A solitary nodule on the posterior pinna

Ki Min Sohn, Young Jun Woo, Jung Eun Kim, Hoon Kang
 Department of Dermatology, St. Paul's Hospital, College of Medicine, Catholic University of Korea, Seoul, Korea

Correspondence Address:
Hoon Kang
Department of Dermatology, St. Paul's Hospital, College of Medicine, The Catholic University of Korea, 180, Wangsan-ro, Dongdaemun-gu, Seoul 02559
Korea
Published: 25-Jan-2018
How to cite this article:
Sohn KM, Woo YJ, Kim JE, Kang H. A solitary nodule on the posterior pinna. Indian J Dermatol Venereol Leprol 2019;85:111-113
Copyright: (C)2019 Indian Journal of Dermatology, Venereology, and Leprology

A 50-year-old man presented with a solitary, slightly pruritic, flesh-colored, 1.0 × 1.2 cm-sized nodule on the right posterior auricular area that had been noticeable for 3 years [Figure - 1]. He had a habit of scratching and rubbing the lesion frequently. His past medical and family histories were unremarkable.

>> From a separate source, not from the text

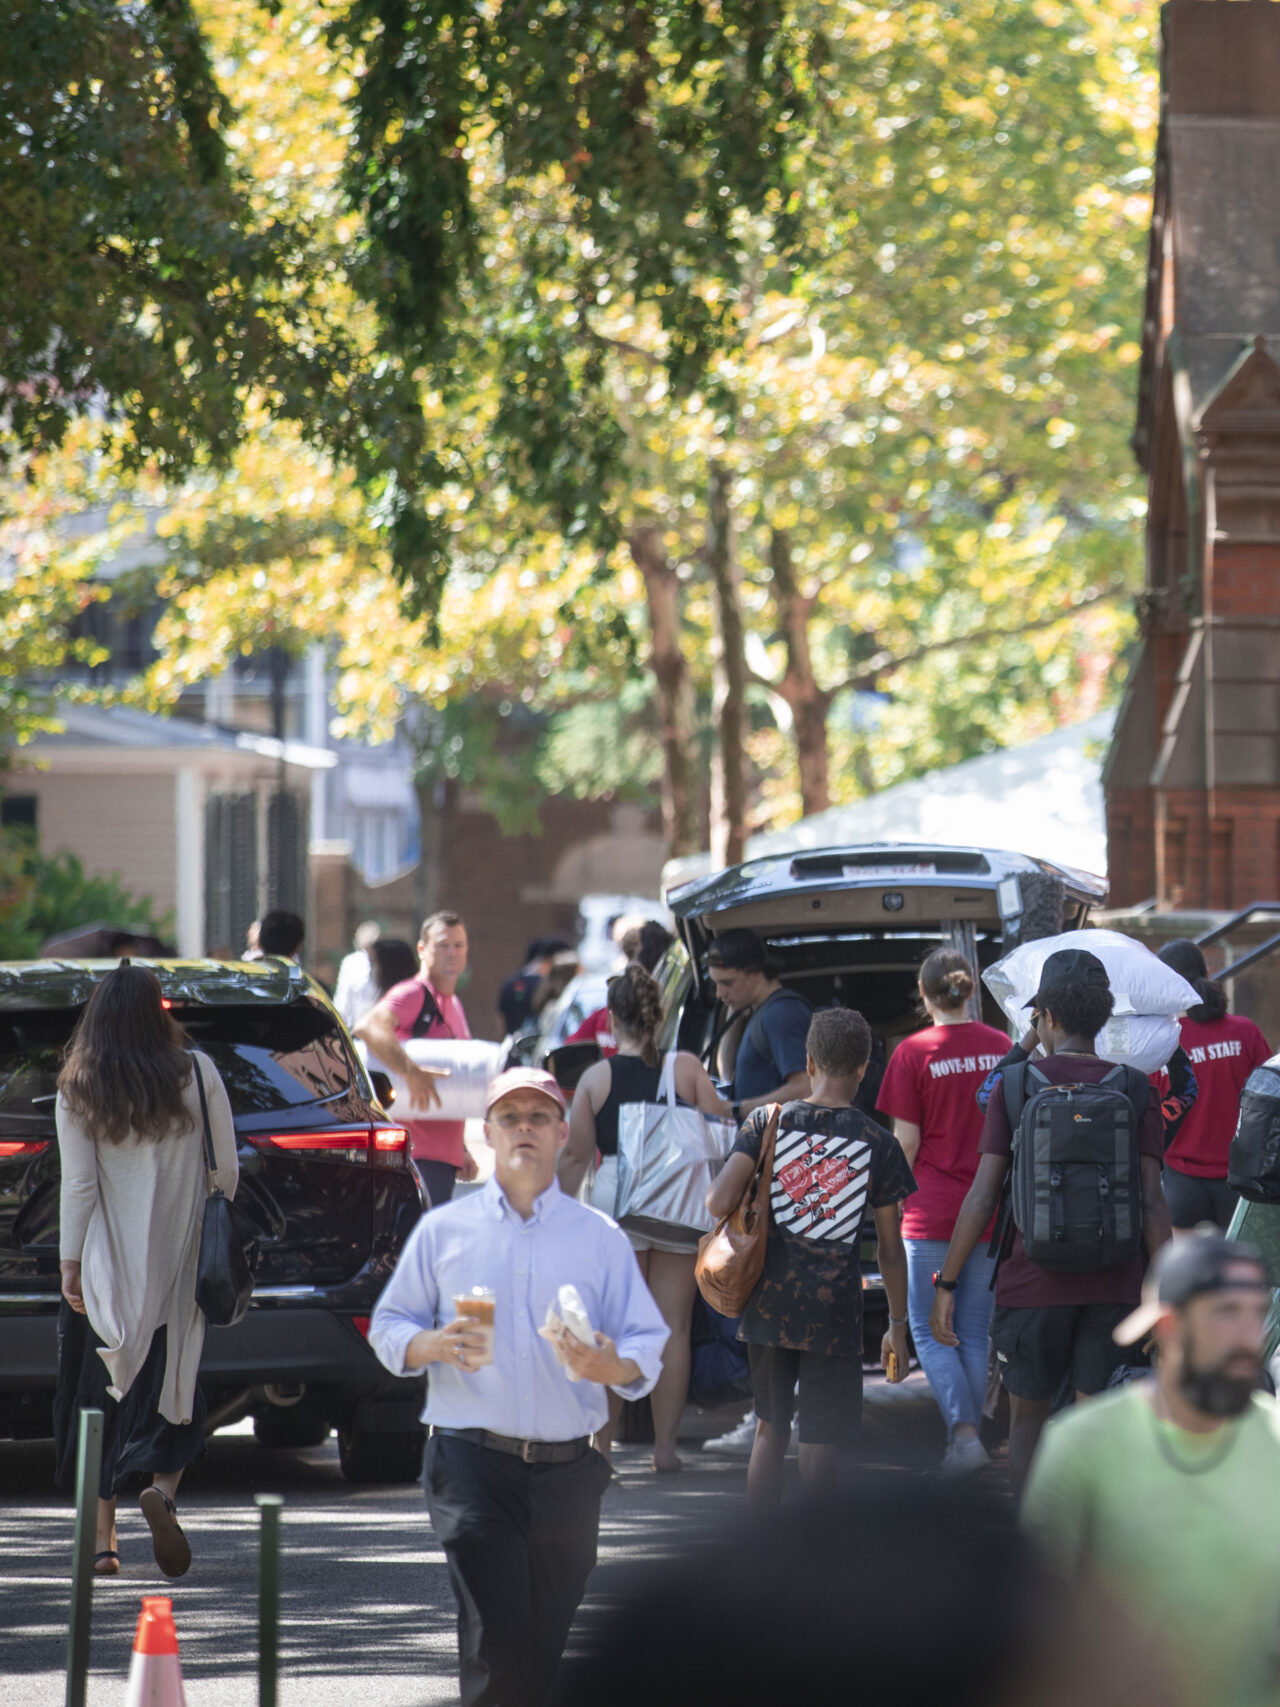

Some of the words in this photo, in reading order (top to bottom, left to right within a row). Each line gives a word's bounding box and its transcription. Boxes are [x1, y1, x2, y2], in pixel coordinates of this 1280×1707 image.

[1207, 1041, 1241, 1060] STAFF
[929, 1056, 976, 1078] MOVE-IN
[978, 1054, 1005, 1071] STA
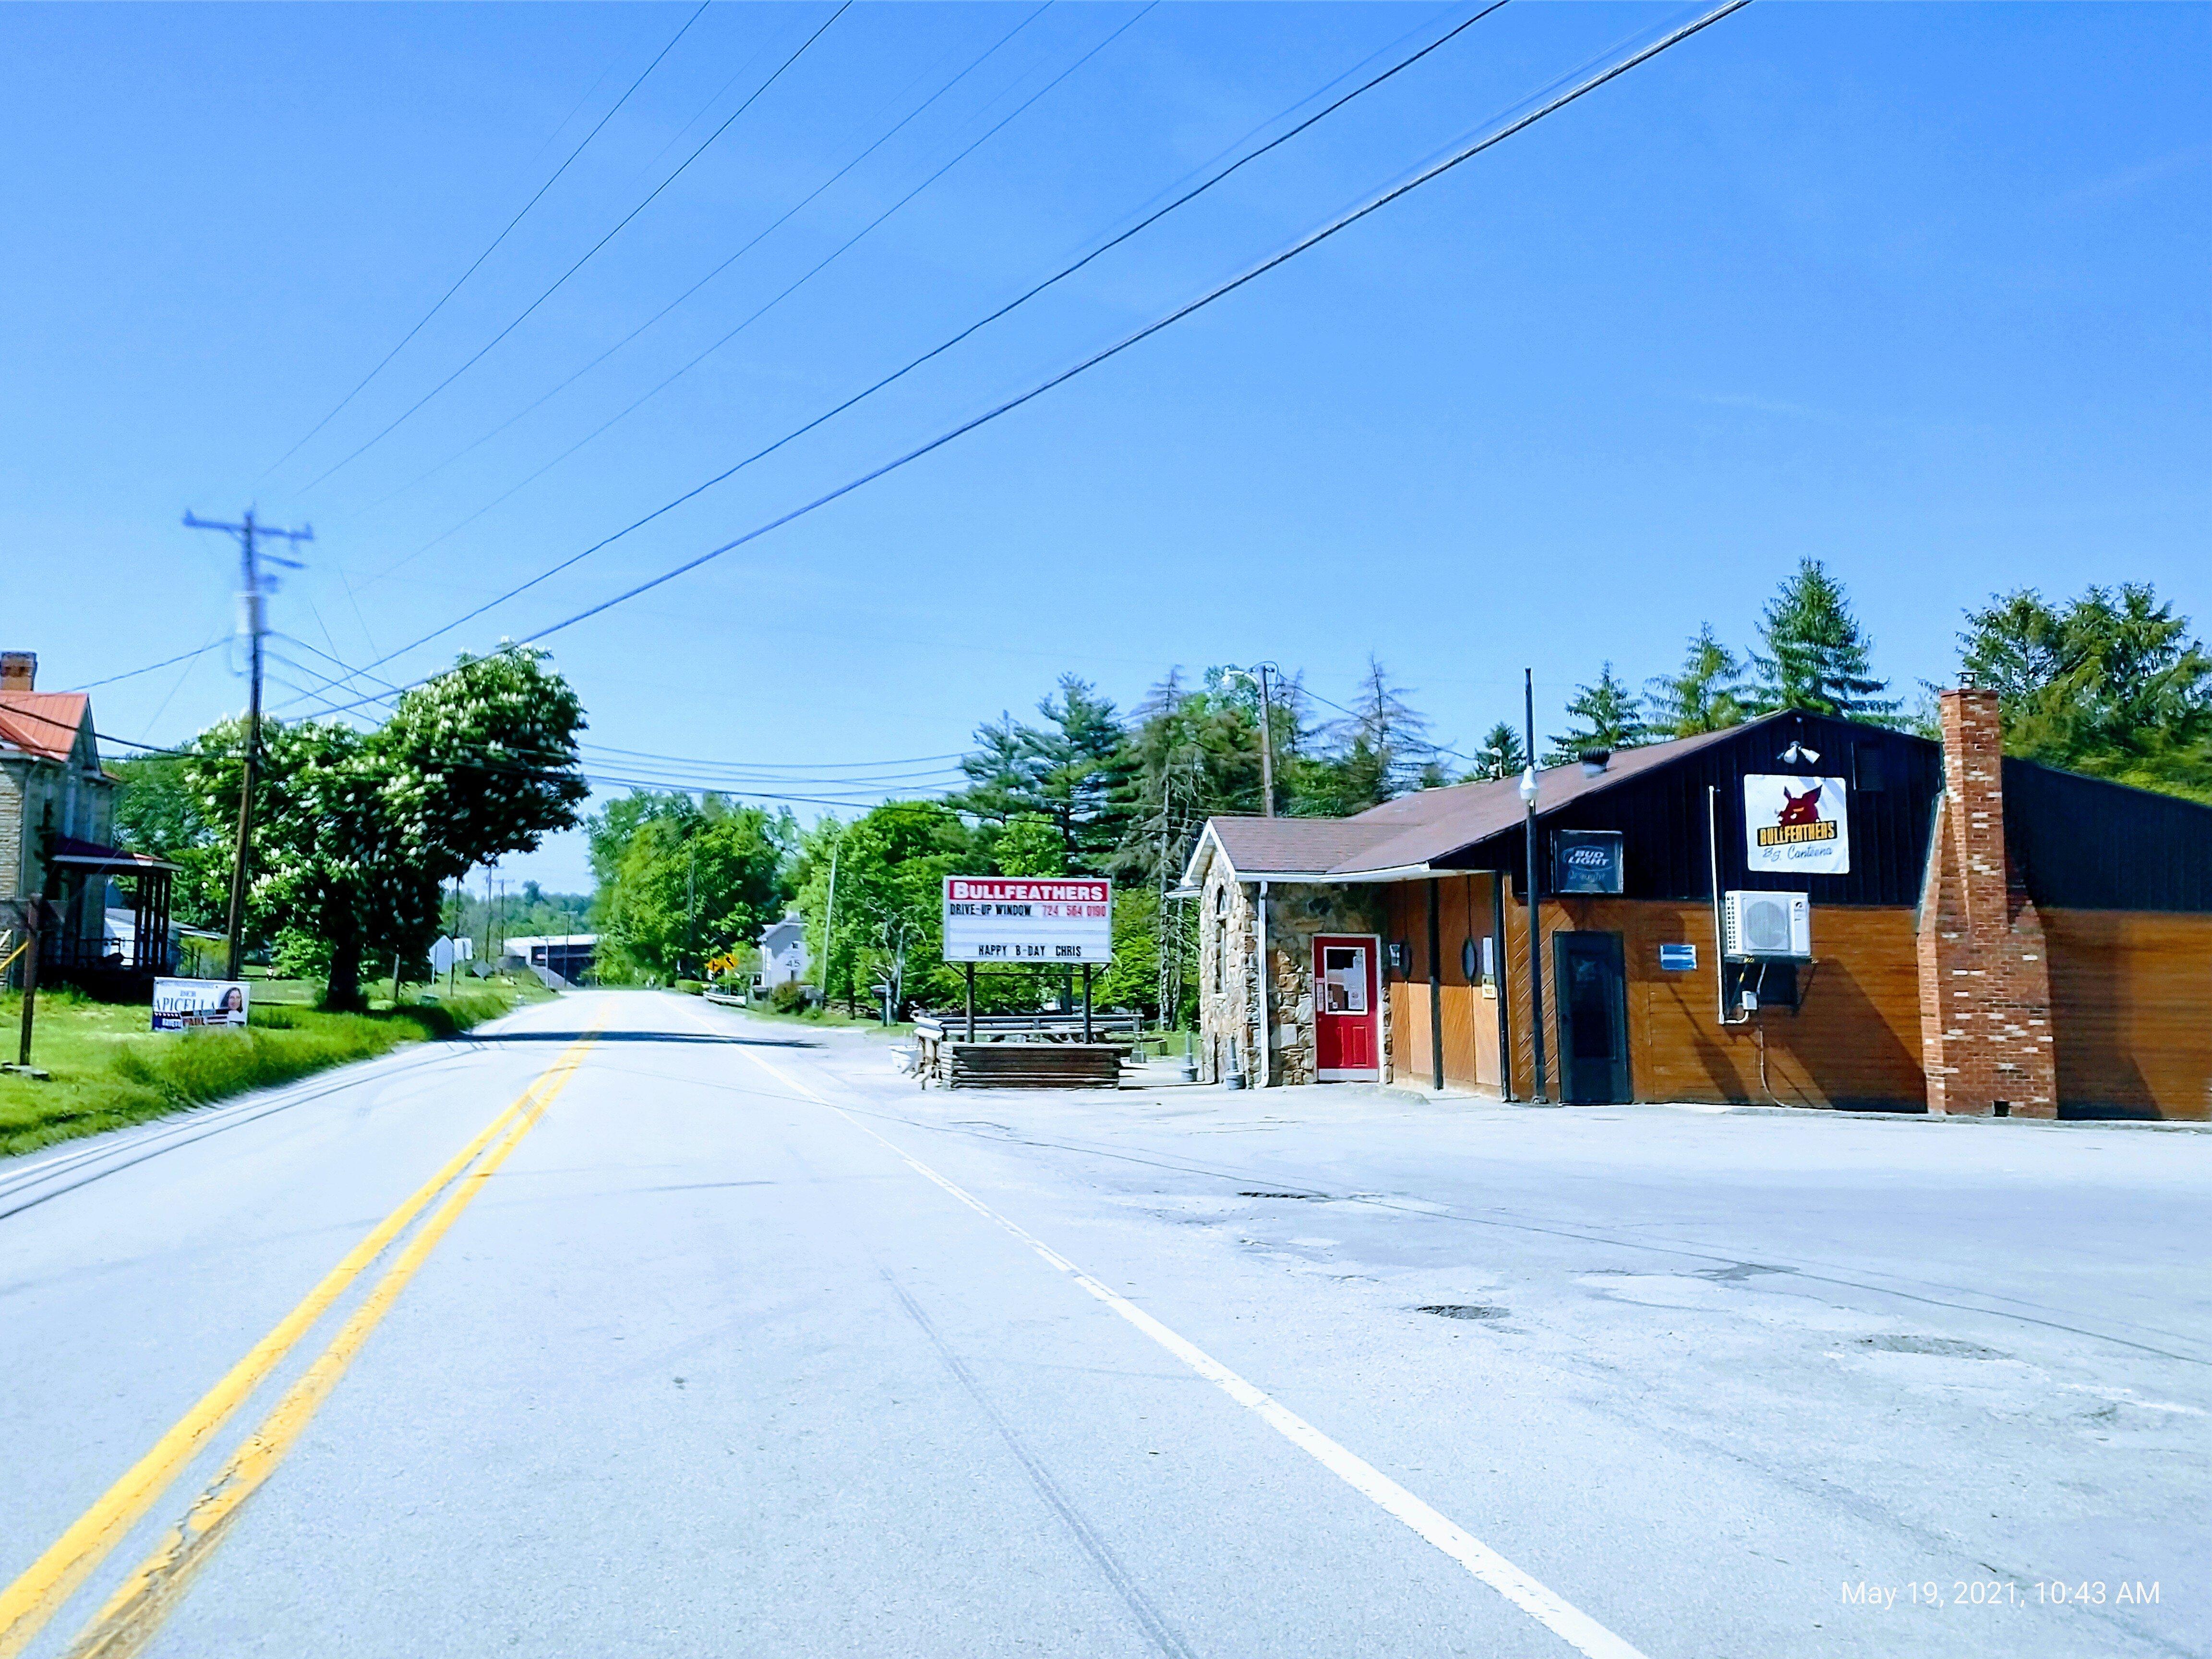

Physical examination revealed a mildly lichenified patch around the nodule, and no other remarkable cutaneous features were observed. A shave biopsy was performed. Histological examination showed a well-defined tumor mass with a group of surrounding pilosebaceous follicles and proliferative thin epithelial cords, accompanied by fibromucinous mesenchymal components. In addition, characteristic proliferating and anastomosing thin infundibular epithelial strands with a perifollicular fibrous reaction were seen [Figure - 2].

Figure 1: A slightly pruritic, solitary, firm, flesh-colored, 1.0 cm × 1.2 cm-sized nodule with central punctum and peripheral mild lichenification on the posterior auricular area
Figure 2:

What is Your Diagnosis?

Answer

Fibrofolliculoma

Review

Fibrofolliculomas are benign perifollicular connective tissue tumors which are often multiple and inherited as an autosomal dominant trait.[1] Although most cases of multiple fibrofolliculomas have been reported in association with other clinical findings, such as Birt–Hogg–Dubé syndrome [caused by germline mutations of the folliculin (FLCN) gene, and characterized by skin lesions (trichodiscomas, perifollicular fibromas and acrochordons) and systemic associations (pulmonary cysts and renal tumors)], sporadic cases without associated clinical findings have also been reported.[1],[2],[3]

Clinically, fibrofolliculomas present with asymptomatic, 2–4 mm, flesh-colored, dome-shaped smooth papules. They usually arise in adults in areas with abundant hair follicles, such as the scalp and face.[1] The first case was described by Birt et al.[4] in 1977, and most subsequently reported cases had multiple lesions. Solitary fibrofolliculoma is a very rare presentation.[1],[2],[3],[5]

Although solitary fibrofolliculoma occurs infrequently, its clinical and histological features are identical to those of multiple fibrofolliculomas except the lack of association with other cutaneous lesions.[2] To our knowledge, only six reports, involving ten cases of solitary fibrofolliculoma, have been noted in relevant literature.[1],[2],[3],[5] With the exception of one case of Birt–Hogg–Dubé syndrome presenting with a single pedunculated fibrofolliculoma on the nose,[5] other cases occurred sporadically on the scalp, face, and concha of the ear.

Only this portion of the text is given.